Elizabeth Johnston Ambrose

Scenes Along a Country Road, Late Summer

To the Log Partially Submerged at Copperas Pond

Artist Statement: Talking & Listening to Plants

I spent my childhood outside. I think many of us who grew up before the advent of cell phones can say the same.  My fondest memories are of exploring the marshy woods behind our house in Camp Lejeune, NC. I adored the freedom of those days and spent them building forts, finding vines strong enough to swing on, and chasing after the ubiquitous chameleons that populated the landscape. 

As I grew older, my relationship with nature changed and I spent more time indoors, exploring the imaginary landscapes of books.  I forgot my love of the outdoors and my necessary connection to it.  However, after I met my husband, he introduced me to the Adirondack Park in northern New York. I remember on our first hike, which was to Marcy Dam on a late November day, experiencing what can only be described as a homecoming.  I paused to inhale the sweet balsam and pine. How, I asked myself, had I allowed so much of my life to be spent away from nature—from this part of me?  We started planning our vacations so as to spend as much time as possible in the region.

However, I still hadn’t abandoned myself to nature fully; not in the way a child does, joyfully splashing in muck, calling to sparrows, believing that she might actually live this way forever—deep in the woods, sustaining herself on foraged blackberries, bird song, and mud pies.  

I think this failure to fully connect with the natural world has to do with an acquired distrust we develop about our bodies. I have taught writing-as-healing classes for over a decade, so I know that one of the reasons we lose our childlike connection to our bodies’ pleasures has to do with trauma and the corresponding self-defense mechanism of shutting ourselves up in our minds. We stop trusting our senses. We feel betrayed by the needs and desires of our bodies. 

And there is this other thing: perhaps, we love the earth so much, we are afraid of what might happen to it.  So we burrow down and in. We submarine our bodies, develop a relationship with the world as through a periscope.   

Last summer, I planned several weeks camping by myself in Western, NY. I spent mornings kayaking through the chain of connected ponds in the Adirondack region, silently watching blue herons stalk frogs among tall grasses. Afternoons, I hiked the trails near my campsite, allowing my curiosity to guide me, bending to examine the underside of leaves, stunned by the fairytale beauty of algae-laced bogs.  In the evenings, by the light of my campfire, a family of loons calling to each other across the pond, I began, for the first time, to really listen to my body and to write from it. 

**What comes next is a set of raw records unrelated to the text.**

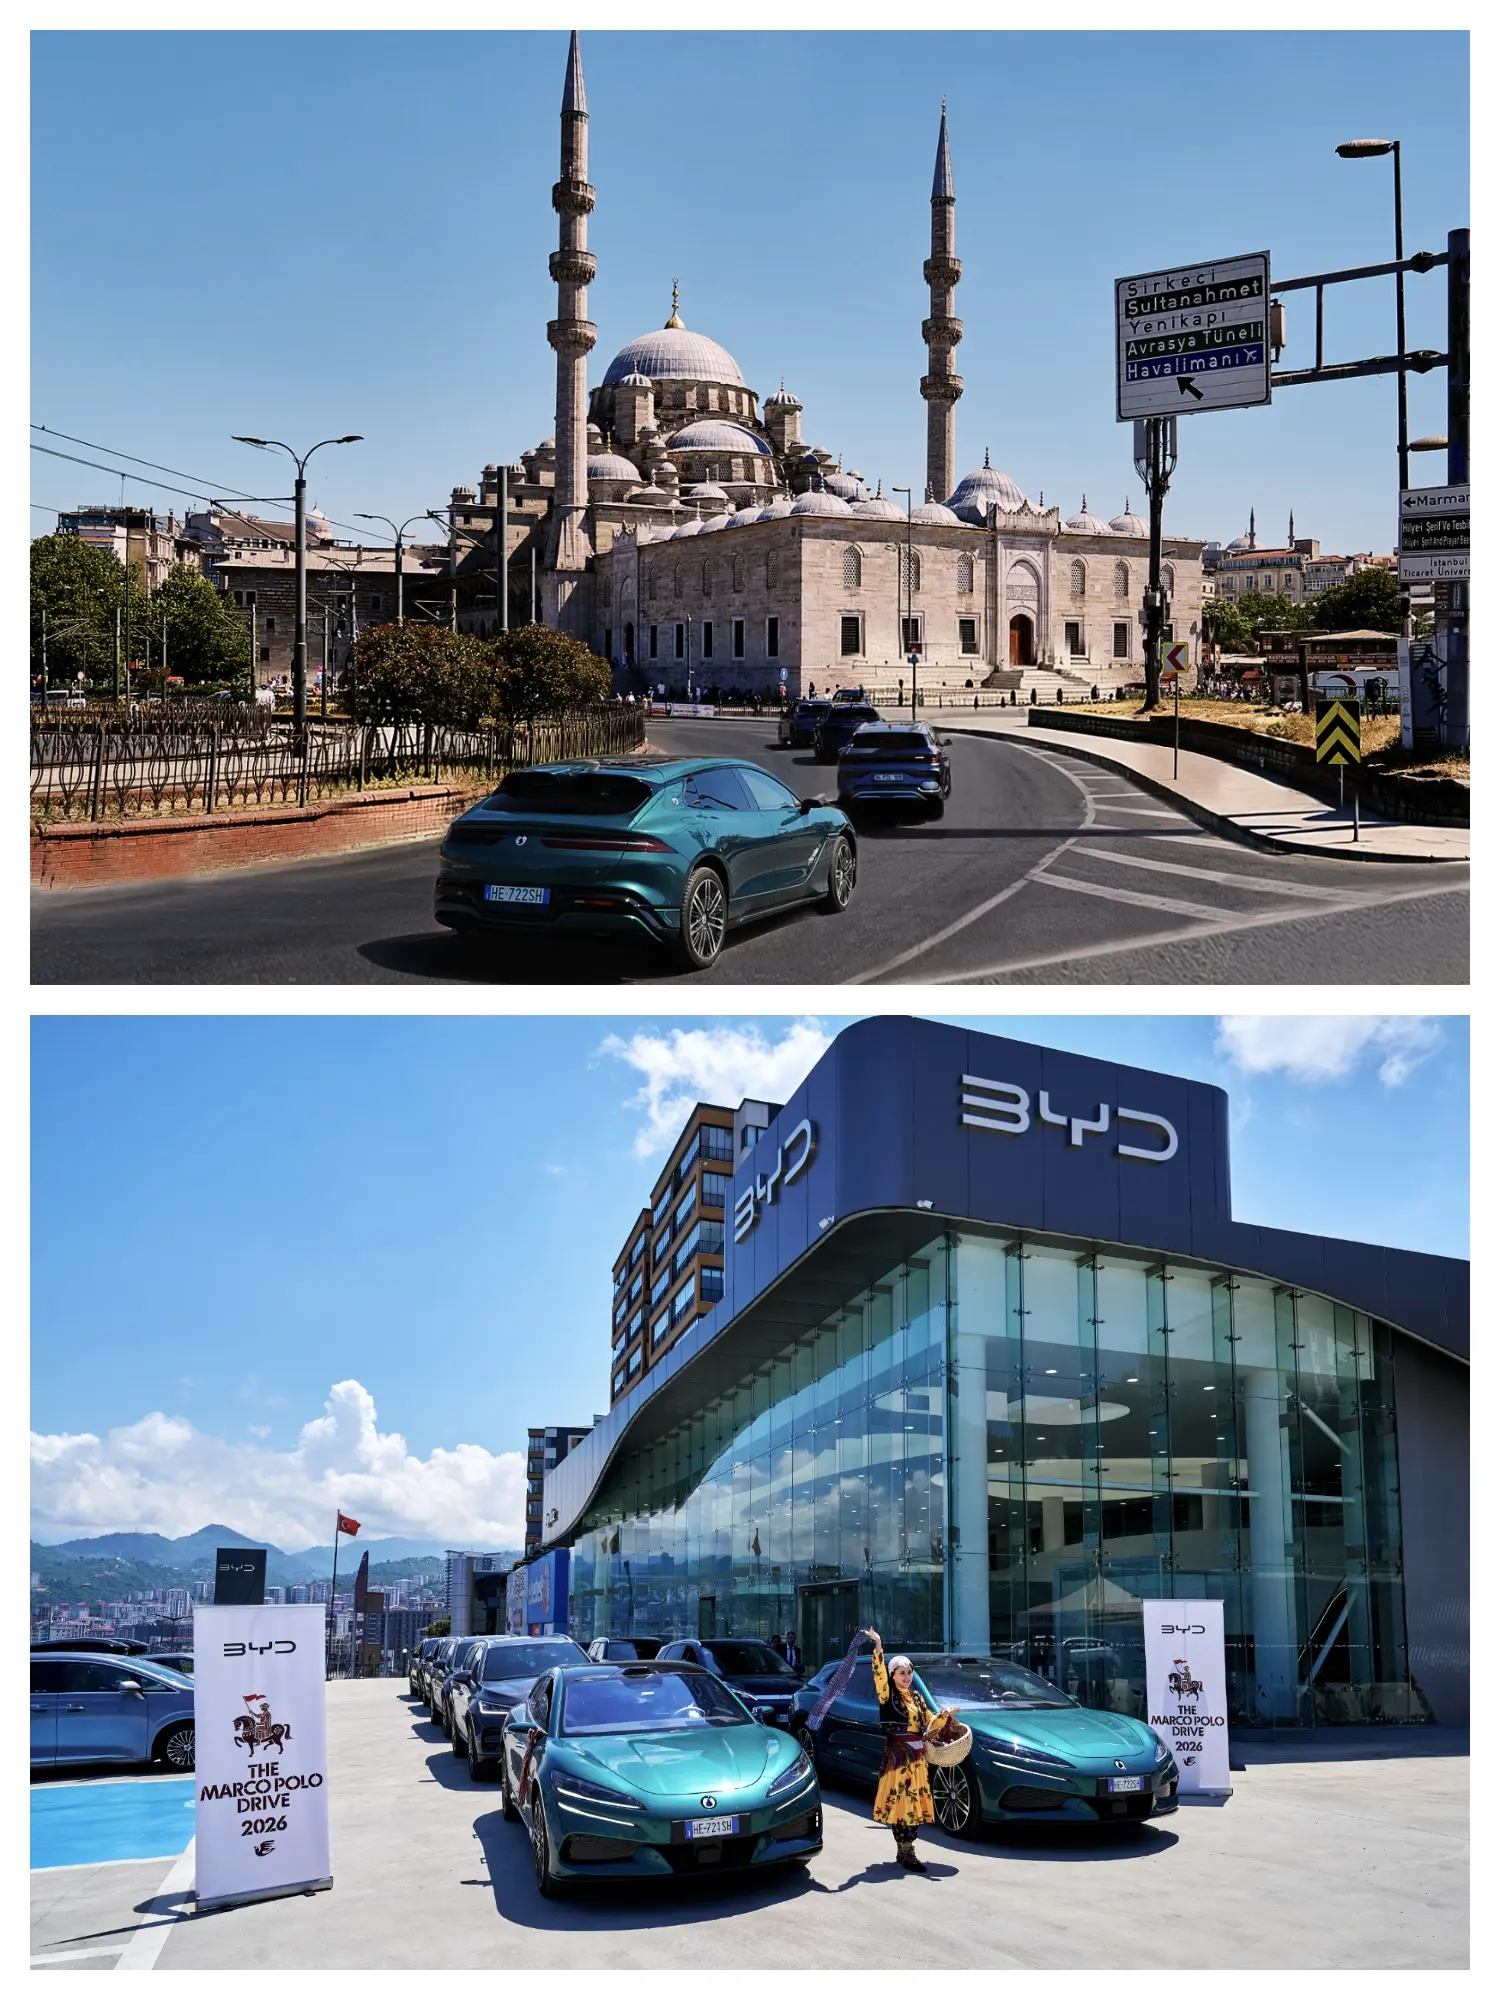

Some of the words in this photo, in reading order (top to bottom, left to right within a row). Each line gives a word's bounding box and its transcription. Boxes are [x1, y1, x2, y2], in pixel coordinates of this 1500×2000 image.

[1128, 269, 1215, 296] Sirkeci
[1128, 279, 1259, 315] Sultanahmet
[1129, 311, 1225, 334] Yenikapı
[1128, 334, 1196, 356] Avrasya
[1203, 323, 1261, 344] Tüneli
[1128, 353, 1239, 379] Havalimanı
[1442, 520, 1451, 530] Ve
[1403, 569, 1433, 577] Ticaret
[962, 1074, 1178, 1161] BYD
[735, 1119, 811, 1243] BYD
[219, 1564, 255, 1572] BYD
[1161, 1624, 1206, 1634] BYD
[223, 1640, 297, 1657] BYD
[1178, 1705, 1197, 1715] THE
[1151, 1715, 1192, 1726] MARCO
[1194, 1716, 1225, 1727] POLO
[1172, 1726, 1204, 1737] DRIVE
[1175, 1741, 1203, 1752] 2026
[248, 1762, 279, 1779] THE
[200, 1779, 272, 1801] MARCO
[274, 1773, 323, 1793] POLO
[237, 1792, 290, 1814] DRIVE
[241, 1815, 288, 1836] 2026
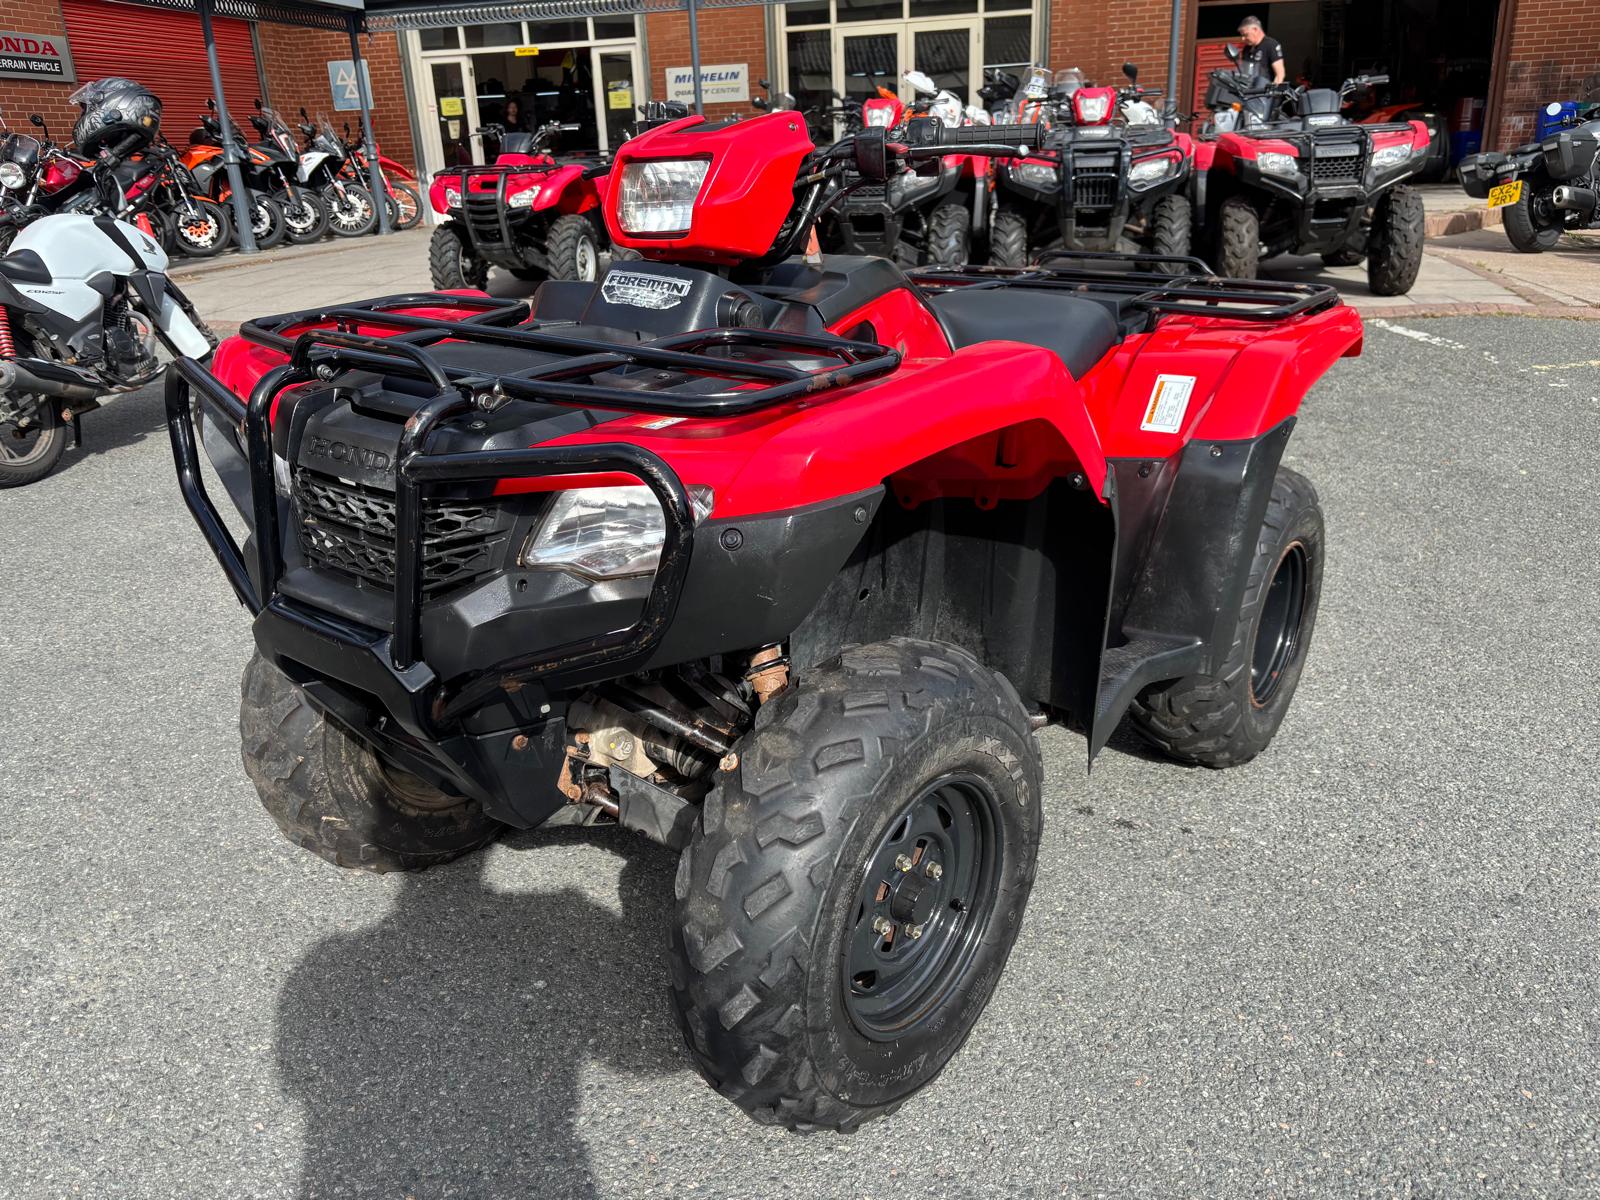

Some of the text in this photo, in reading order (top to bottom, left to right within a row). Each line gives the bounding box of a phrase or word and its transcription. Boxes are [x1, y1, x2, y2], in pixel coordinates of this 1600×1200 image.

[0, 36, 60, 56] NDA
[27, 61, 61, 72] VEHICLE
[711, 87, 741, 95] CENTRE
[1491, 182, 1519, 198] CX24
[1493, 192, 1514, 206] ZRY
[608, 274, 686, 294] FOREMAN
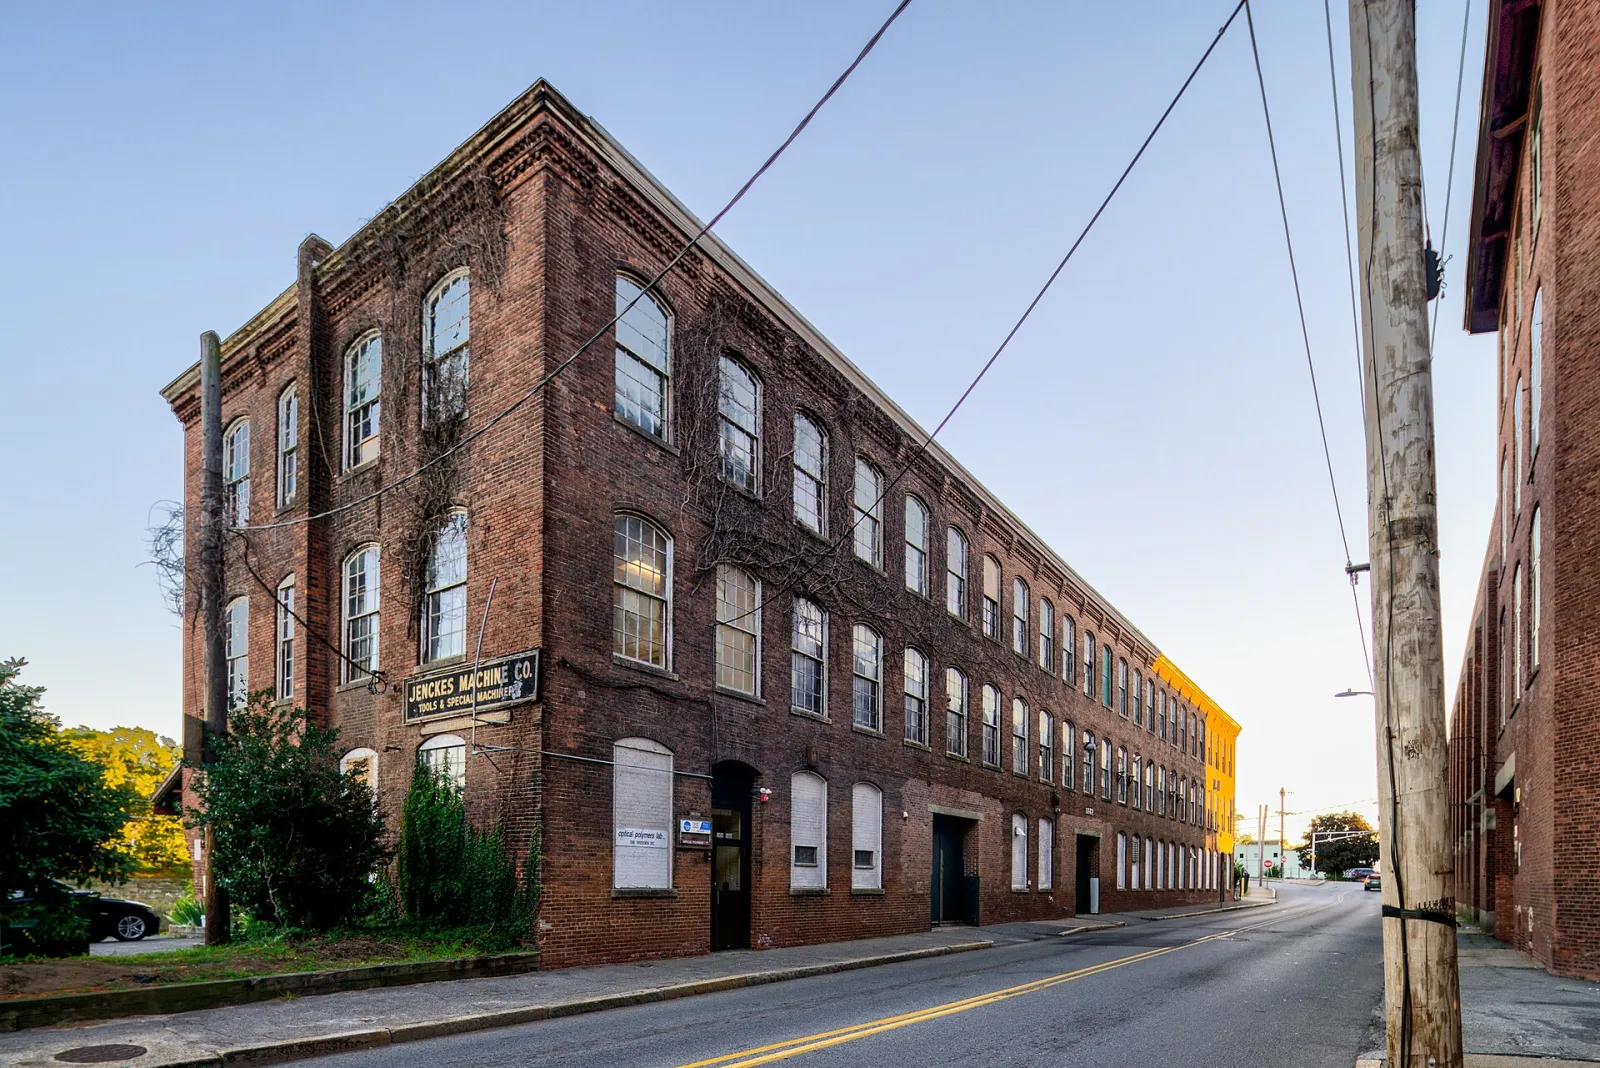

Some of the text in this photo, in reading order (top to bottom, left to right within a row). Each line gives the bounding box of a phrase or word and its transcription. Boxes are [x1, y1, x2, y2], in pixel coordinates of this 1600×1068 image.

[409, 660, 533, 703] JENCKES MACHINE CO.
[418, 686, 521, 713] TOOLS & SPECIAL MACHINER
[618, 830, 633, 838] optical
[635, 831, 655, 839] polymers
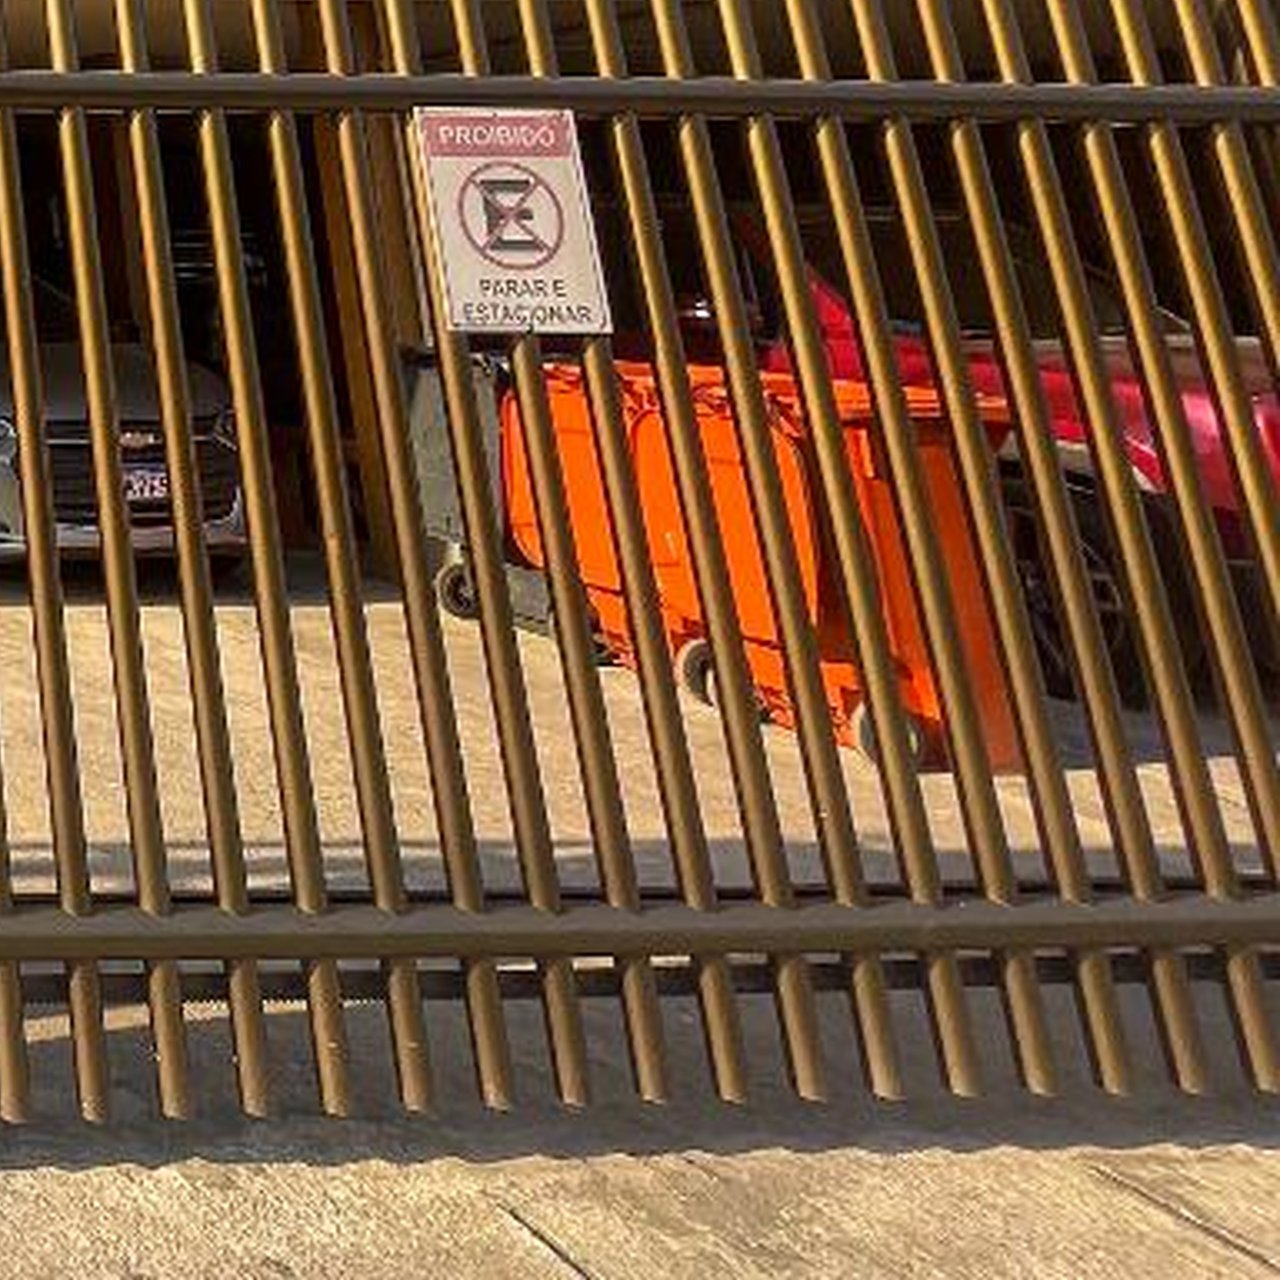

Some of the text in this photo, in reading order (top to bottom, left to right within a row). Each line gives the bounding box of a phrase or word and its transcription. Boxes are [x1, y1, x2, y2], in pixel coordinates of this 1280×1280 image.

[438, 125, 555, 147] PROIBIDO
[479, 278, 568, 298] PARAR E
[462, 303, 592, 324] ESTACIONAR

I wrote in my journal every night. One of my first entries from last summer reads: “I am here to figure out if I still have a body or if after decades of denial my body has turned shell….” I wanted to let the natural world crack me open, to expose the fruit of my truths. I focused my attention on how my body was responding to the wildness around me, recording my sensations in my journal without analyzing and seeking to understand them, without trying to convert feeling into sense. I wanted not to editorialize or mediate between the natural world and my body. In another entry I wrote, “Everything I want in this life is here, immortal and eternal, soft and familiar. Like a mother’s hand on a fevered forehead.” I had come to this place with a sickness—a homesickness. By returning to nature—to the communal table of pine and birch, pond and loon—I came back to my body. I re-learned the trust fall of the self, to let go and collapse backwards into the certain and uncertain truths that make up my living.  My poems in this issue of Plant-Human Quarterly were written from this intentional place of connection and truth.  

 

Elizabeth Johnston Ambrose’s writing appears in The Atlantic, Rattle, McSweeney’s, Emrys, and the collection Nasty Women Poets, among others. She is the author of two chapbooks: Imago, Dei (winner of the 2021 Rattle Chapbook Prize) and Wild Things (Main Street Rag, 2021). Co-founder of Straw Mat Writers, she teaches poetry and gender studies in Rochester, NY and facilitates a writing group for the Breast Cancer Coalition of Rochester. She spends her summers with her husband and dogs camping, hiking, and kayaking in the Adirondack Park.